How to complete this task:
Your task is to copy every line of the entries that holds the word "HEATbox".

Input records:

====================

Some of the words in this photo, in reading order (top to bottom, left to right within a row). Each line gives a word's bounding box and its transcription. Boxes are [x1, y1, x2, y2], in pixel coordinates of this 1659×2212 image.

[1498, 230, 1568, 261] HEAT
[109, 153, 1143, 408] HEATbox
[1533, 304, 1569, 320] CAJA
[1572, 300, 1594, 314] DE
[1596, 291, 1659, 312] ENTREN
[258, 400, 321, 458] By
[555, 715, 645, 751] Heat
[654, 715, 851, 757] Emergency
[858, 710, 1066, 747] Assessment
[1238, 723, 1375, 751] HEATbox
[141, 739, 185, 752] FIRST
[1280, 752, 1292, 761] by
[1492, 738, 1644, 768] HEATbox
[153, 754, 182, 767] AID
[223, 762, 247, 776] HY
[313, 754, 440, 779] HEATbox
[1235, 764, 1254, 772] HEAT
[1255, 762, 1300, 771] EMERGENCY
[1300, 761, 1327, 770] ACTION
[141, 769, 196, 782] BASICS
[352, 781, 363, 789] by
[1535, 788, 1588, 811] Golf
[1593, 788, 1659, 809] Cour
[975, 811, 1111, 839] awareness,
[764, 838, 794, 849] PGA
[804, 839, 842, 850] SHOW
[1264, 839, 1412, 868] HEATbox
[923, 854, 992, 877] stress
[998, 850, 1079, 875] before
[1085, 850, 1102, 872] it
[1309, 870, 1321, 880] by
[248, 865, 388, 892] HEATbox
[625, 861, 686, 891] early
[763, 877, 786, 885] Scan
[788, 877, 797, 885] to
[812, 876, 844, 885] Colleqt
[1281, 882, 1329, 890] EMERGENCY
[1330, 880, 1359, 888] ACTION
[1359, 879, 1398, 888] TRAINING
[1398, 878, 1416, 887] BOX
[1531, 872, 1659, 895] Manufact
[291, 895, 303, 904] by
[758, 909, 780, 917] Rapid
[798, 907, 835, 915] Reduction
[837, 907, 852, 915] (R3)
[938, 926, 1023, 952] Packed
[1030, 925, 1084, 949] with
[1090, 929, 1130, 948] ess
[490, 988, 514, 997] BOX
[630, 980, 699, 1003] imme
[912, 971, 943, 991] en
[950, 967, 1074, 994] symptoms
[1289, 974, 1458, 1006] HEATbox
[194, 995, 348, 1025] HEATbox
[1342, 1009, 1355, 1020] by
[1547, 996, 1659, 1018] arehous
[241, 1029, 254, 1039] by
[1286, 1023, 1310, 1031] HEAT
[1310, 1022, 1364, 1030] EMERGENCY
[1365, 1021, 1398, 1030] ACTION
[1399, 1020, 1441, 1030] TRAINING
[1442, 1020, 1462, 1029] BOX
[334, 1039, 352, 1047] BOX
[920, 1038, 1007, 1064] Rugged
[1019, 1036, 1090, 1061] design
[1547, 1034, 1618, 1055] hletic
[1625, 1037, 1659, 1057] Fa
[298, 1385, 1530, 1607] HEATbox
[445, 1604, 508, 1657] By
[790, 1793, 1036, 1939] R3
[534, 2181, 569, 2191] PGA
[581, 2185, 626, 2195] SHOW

====================

Written answer:
[109, 153, 1143, 408] HEATbox
[1238, 723, 1375, 751] HEATbox
[1492, 738, 1644, 768] HEATbox
[313, 754, 440, 779] HEATbox
[1264, 839, 1412, 868] HEATbox
[248, 865, 388, 892] HEATbox
[1289, 974, 1458, 1006] HEATbox
[194, 995, 348, 1025] HEATbox
[298, 1385, 1530, 1607] HEATbox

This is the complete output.